*** Data extracts Section Begins ***

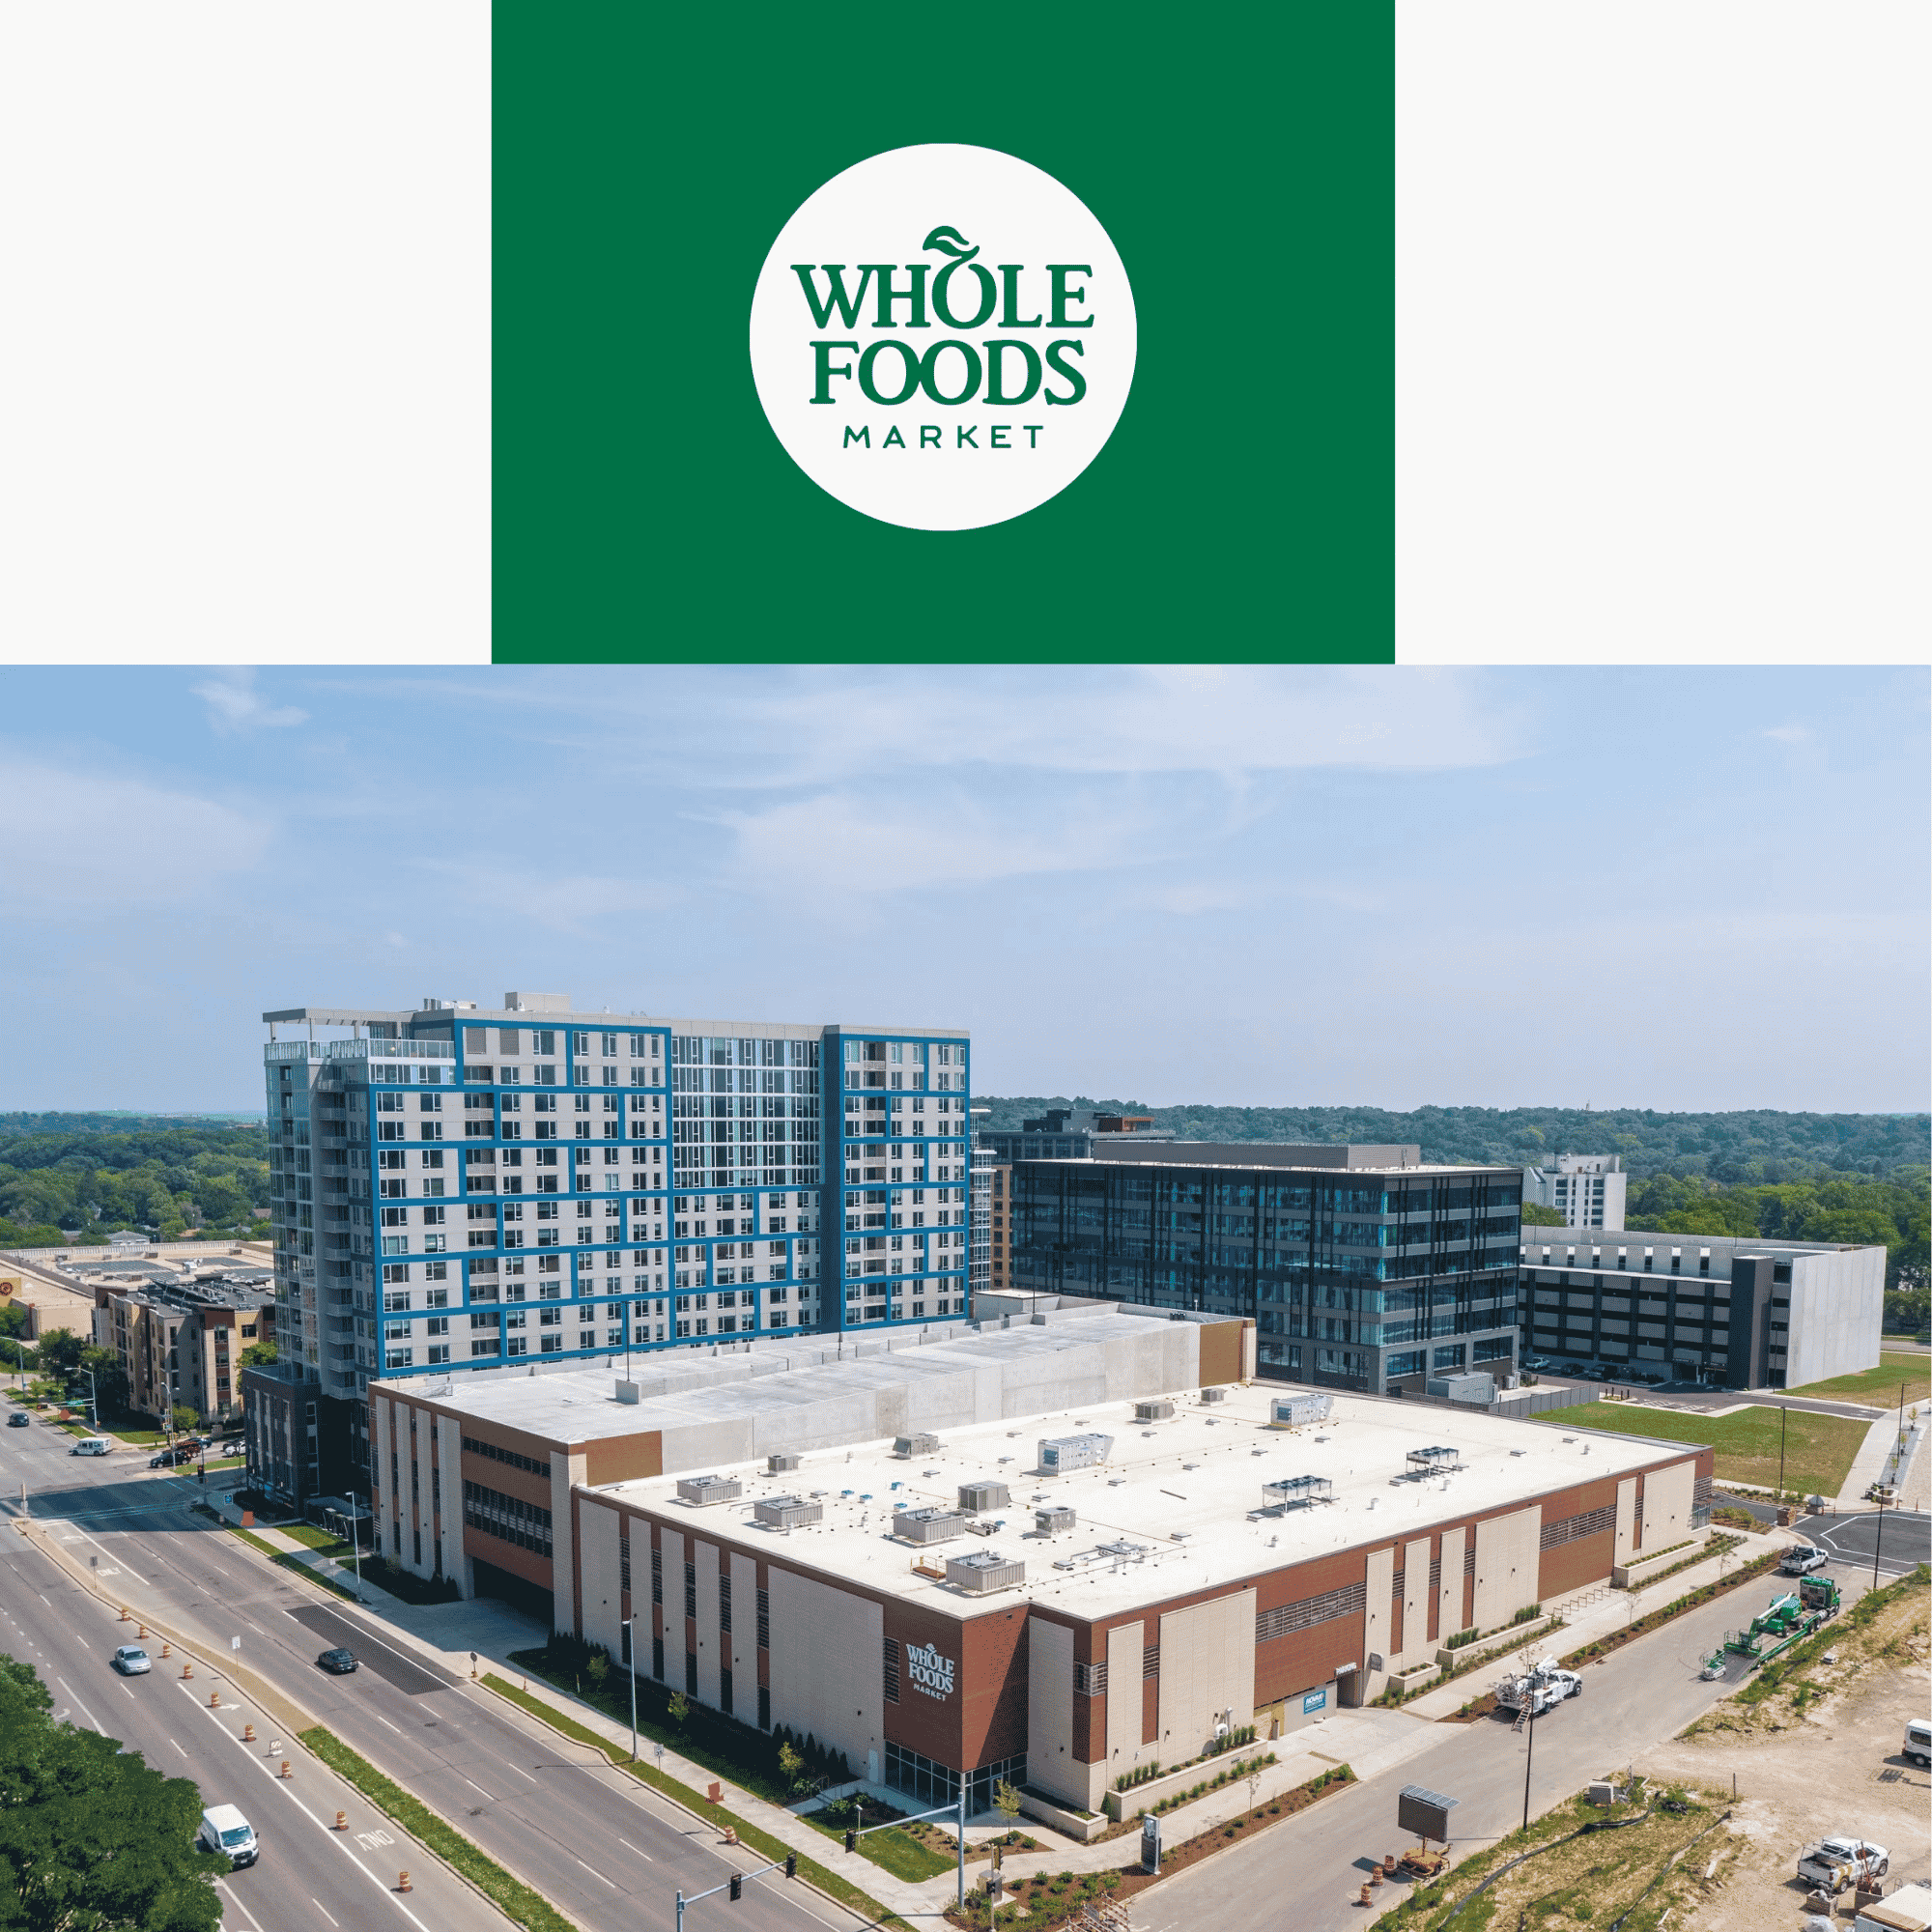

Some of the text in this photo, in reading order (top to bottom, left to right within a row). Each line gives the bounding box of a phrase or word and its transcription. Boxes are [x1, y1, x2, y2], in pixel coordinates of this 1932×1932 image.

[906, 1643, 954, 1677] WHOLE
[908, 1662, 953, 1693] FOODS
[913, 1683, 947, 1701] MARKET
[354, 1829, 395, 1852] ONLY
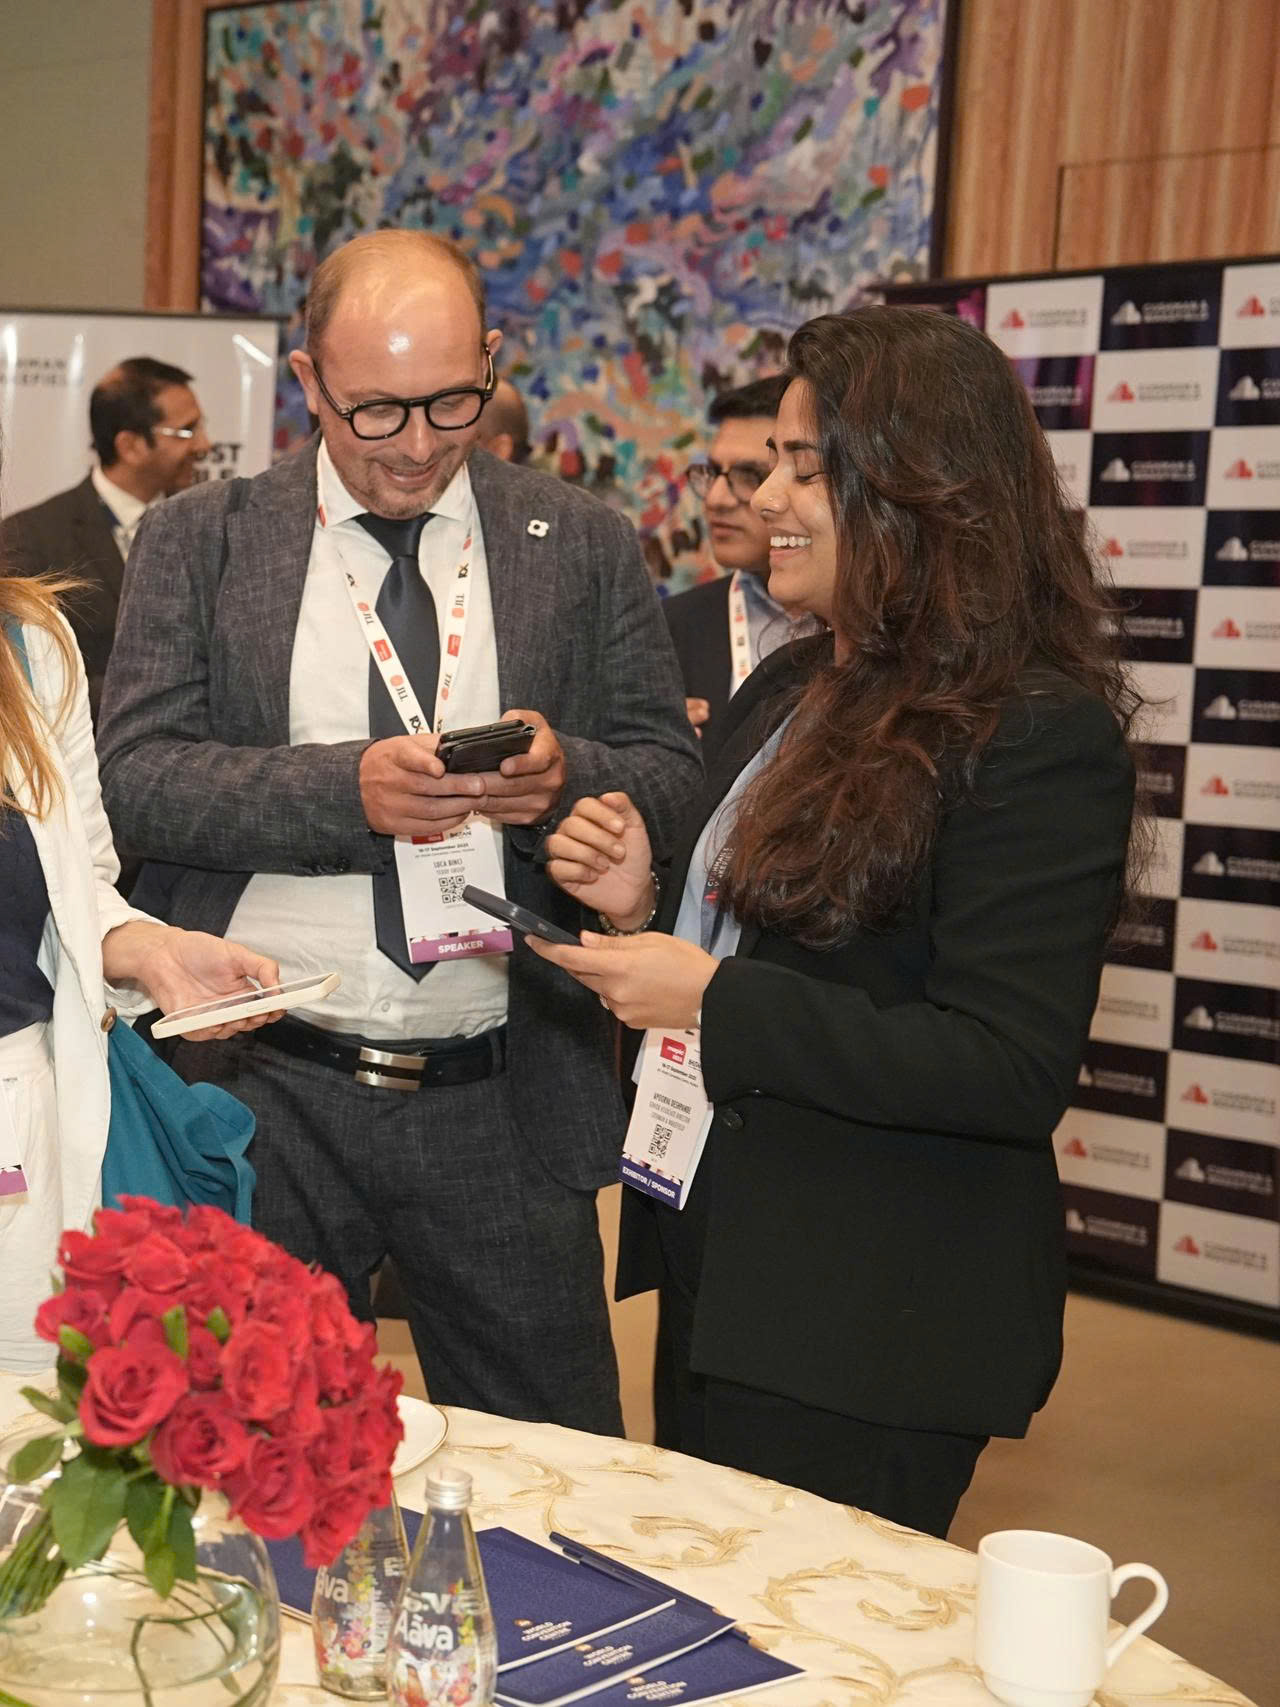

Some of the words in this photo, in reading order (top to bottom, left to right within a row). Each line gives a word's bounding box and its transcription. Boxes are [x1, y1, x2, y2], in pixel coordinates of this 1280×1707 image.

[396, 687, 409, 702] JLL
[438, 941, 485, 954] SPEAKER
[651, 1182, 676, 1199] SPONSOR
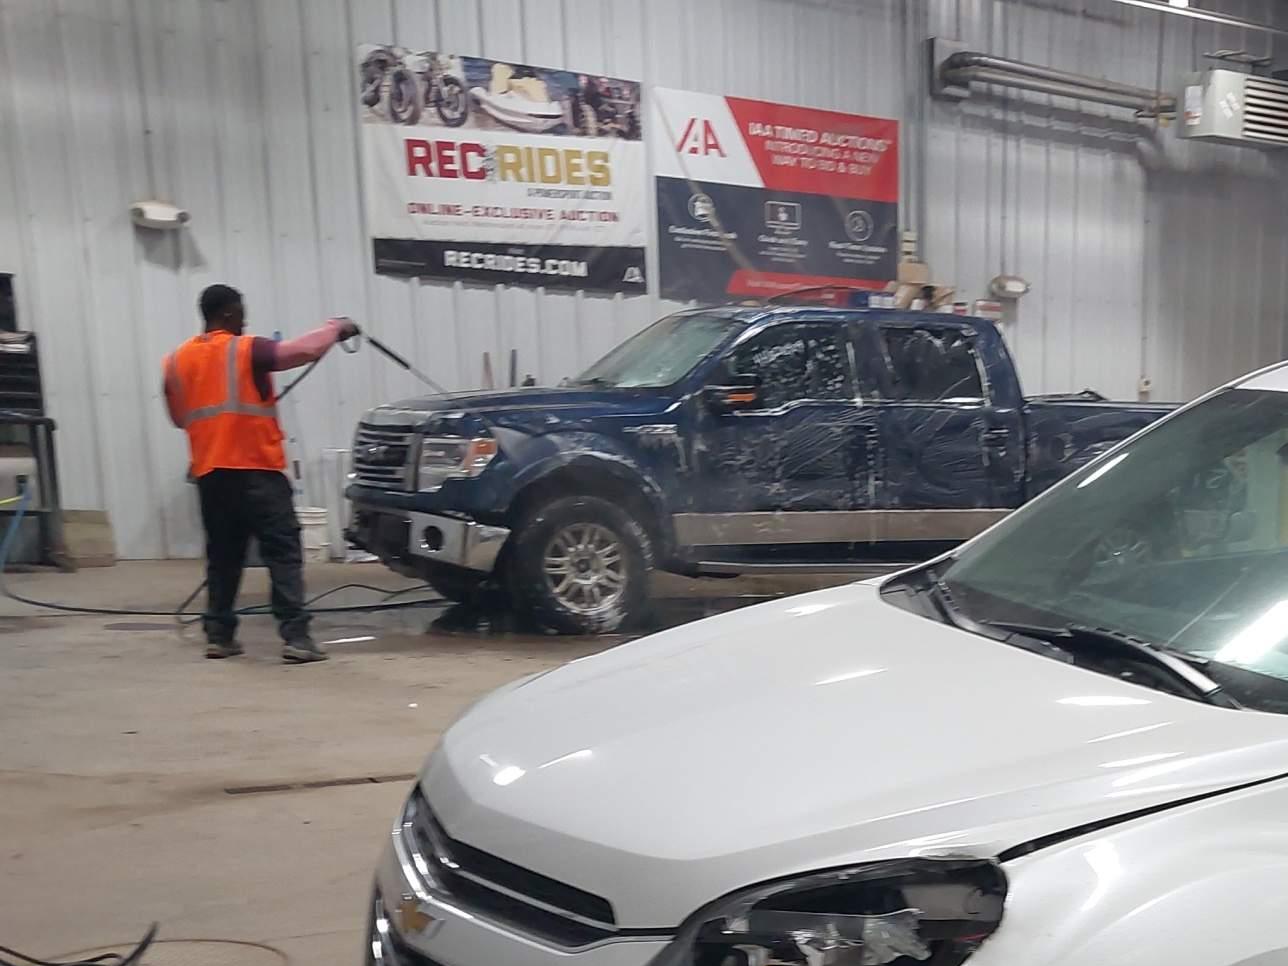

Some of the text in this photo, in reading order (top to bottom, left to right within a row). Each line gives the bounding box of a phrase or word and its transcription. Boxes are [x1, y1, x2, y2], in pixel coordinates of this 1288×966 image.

*** Data extracts Section Ends ***

- _Activity_
No images belong in the copy. Transcribe every record exactly.

- _Your response_
Some of the text in this photo, in reading order (top to bottom, left to right within a row). Each line gives the bounding box of a phrase or word and its transcription. Boxes are [x1, y1, x2, y2], in pixel coordinates of this 1932×1932 image.

[906, 1643, 954, 1677] WHOLE
[908, 1662, 953, 1693] FOODS
[913, 1683, 947, 1701] MARKET
[354, 1829, 395, 1852] ONLY

Some of the words in this photo, in reading order (top to bottom, left to right within a row). Each line gives a word's bounding box and its transcription. Boxes are [x1, y1, x2, y2], in pixel coordinates of this 1280×1707 image.

[396, 687, 409, 702] JLL
[438, 941, 485, 954] SPEAKER
[651, 1182, 676, 1199] SPONSOR

Some of the text in this photo, in reading order (top to bottom, left to right within a row). Each line gives the bounding box of a phrase or word and its transcription. Boxes are [x1, y1, x2, y2], in pixel coordinates of this 1288×966 image.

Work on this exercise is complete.